Il Bitcoin amplia le perdite
Nelle ultime 24 ore sono state liquidate posizioni su criptovalute per oltre 1 miliardo di dollari nei mercati dei future, secondo i dati raccolti da Coinglass

Il Bitcoin è sceso sotto i 70.000 dollari, adesso arretra del -6%, raggiungendo il livello più basso da novembre 2024.
“L’andamento dei prezzi nel mercato delle criptovalute è stato indiscutibilmente pesante nelle ultime 24 ore, con il Bitcoin che ha agito da principale freno al sentiment generale. Detto questo, molti dei segnali tipici di una capitolazione sono ormai presenti: gli indicatori tecnici giornalieri sono fortemente ipervenduti, l’indice di paura è sceso su livelli estremamente bassi e il Bitcoin quota ora circa il 45% sotto il picco di ottobre”, è la dichiarazione di Joel Kruger, stratega di mercato presso LMAX Group, riportata da Bloomberg.
Nelle ultime 24 ore sono state liquidate posizioni su criptovalute per oltre 1 miliardo di dollari nei mercati dei future, secondo i dati raccolti da Coinglass.
Il Bitcoin sta perdendo attrattiva tra gli investitori retail, che ora dispongono di un ventaglio sempre più ampio di alternative. Inoltre, non si comporta come bene rifugio, in quanto non riesce, come l’oro, a salire durante le fasi di tensione geopolitica. Né funziona come operazione di momentum, dato che i segnali di forte ipervenduto non sono riusciti a innescare un rimbalzo.
Circa 2 miliardi di dollari sono usciti dai fondi sul Bitcoin nel solo ultimo mese, secondo i dati elaborati da Bloomberg. Su un orizzonte di tre mesi, il deflusso supera i 5 miliardi di dollari.
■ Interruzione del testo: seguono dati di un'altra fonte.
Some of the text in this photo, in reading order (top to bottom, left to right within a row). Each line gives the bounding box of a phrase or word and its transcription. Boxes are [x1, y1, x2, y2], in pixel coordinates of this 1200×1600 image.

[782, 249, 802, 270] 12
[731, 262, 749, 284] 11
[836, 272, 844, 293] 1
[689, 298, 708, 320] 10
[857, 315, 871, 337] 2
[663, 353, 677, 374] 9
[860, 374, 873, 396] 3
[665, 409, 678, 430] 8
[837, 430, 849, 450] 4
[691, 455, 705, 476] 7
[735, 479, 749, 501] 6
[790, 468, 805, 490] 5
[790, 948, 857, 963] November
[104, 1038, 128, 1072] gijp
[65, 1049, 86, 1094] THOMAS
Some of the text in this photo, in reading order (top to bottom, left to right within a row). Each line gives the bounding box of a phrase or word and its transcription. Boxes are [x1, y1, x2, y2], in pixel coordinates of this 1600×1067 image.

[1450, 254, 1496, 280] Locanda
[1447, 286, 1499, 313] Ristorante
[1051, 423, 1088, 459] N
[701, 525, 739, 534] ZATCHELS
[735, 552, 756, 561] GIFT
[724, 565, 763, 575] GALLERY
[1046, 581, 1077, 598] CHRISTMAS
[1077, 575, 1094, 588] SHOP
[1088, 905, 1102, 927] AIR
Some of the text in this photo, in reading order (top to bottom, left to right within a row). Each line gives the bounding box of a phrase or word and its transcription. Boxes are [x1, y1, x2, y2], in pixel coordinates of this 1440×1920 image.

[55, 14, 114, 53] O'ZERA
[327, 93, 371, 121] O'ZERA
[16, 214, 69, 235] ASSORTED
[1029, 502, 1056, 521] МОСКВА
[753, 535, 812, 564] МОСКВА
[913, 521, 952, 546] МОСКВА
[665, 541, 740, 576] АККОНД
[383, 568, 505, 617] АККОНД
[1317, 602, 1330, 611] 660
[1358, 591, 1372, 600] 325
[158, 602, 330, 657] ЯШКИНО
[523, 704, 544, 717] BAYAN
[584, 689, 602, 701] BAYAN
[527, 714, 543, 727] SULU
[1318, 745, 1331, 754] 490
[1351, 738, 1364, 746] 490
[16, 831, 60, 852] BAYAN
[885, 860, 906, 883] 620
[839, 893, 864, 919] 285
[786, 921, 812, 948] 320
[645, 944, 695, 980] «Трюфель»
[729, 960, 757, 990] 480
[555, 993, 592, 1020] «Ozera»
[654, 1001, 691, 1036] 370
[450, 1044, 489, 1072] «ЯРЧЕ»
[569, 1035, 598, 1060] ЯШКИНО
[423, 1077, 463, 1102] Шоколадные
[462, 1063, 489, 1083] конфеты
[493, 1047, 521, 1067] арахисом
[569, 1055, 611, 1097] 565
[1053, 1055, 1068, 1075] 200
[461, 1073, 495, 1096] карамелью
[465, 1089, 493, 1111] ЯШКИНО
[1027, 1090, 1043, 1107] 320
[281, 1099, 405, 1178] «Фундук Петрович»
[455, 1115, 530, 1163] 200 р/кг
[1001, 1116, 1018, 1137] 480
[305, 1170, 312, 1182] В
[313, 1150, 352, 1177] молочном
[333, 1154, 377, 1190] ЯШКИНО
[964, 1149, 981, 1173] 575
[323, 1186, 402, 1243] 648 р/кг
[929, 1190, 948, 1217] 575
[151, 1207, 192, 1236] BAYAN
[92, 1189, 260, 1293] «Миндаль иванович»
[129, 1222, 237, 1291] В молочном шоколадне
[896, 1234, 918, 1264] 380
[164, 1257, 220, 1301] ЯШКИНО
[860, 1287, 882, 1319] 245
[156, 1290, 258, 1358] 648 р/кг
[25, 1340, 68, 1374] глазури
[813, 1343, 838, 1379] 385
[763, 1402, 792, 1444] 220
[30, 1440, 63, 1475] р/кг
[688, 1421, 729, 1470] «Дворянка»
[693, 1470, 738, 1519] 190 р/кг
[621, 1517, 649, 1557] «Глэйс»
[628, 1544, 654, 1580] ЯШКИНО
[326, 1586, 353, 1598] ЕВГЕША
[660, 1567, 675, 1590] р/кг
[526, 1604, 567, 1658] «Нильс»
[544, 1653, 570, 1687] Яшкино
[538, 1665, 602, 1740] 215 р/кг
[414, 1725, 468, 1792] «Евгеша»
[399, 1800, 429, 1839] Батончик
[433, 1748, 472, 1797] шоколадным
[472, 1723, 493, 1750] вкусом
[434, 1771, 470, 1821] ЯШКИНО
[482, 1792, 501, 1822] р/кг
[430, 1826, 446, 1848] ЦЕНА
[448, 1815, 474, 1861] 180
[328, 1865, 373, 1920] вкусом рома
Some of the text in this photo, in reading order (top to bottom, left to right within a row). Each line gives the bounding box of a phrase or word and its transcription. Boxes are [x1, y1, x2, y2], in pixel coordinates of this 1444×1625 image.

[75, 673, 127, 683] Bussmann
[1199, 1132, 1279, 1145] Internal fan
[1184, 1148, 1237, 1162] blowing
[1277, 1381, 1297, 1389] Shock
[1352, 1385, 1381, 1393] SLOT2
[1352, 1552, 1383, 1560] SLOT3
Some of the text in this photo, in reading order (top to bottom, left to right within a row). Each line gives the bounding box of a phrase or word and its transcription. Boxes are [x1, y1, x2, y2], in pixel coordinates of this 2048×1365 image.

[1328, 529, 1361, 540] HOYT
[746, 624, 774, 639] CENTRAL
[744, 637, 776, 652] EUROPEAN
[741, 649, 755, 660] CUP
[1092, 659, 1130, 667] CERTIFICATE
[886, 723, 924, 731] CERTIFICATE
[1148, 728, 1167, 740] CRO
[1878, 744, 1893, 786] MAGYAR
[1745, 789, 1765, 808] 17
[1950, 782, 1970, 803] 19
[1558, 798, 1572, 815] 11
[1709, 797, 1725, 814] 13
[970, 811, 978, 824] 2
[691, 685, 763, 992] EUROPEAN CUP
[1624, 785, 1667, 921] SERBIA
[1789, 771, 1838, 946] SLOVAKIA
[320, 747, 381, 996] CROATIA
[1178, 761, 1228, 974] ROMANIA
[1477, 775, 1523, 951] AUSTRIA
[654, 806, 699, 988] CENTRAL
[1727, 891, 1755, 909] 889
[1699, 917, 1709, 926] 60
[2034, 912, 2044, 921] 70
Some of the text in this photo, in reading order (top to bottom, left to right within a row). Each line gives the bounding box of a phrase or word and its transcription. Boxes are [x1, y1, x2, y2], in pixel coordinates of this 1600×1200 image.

Il crollo della principale criptovaluta si è propagato all’intero ecosistema degli asset digitali, con token più piccoli e meno liquidi che hanno subito perdite ancora più marcate. L’indice MarketVector Digital Assets 100 Small-Cap, che monitora i 50 asset digitali più piccoli all’interno di un paniere di 100, è crollato di circa il 70% nell’ultimo anno.
Anche le piattaforme di scambio come Coinbase Global, Gemini Space Station e Bullish sono state duramente colpite.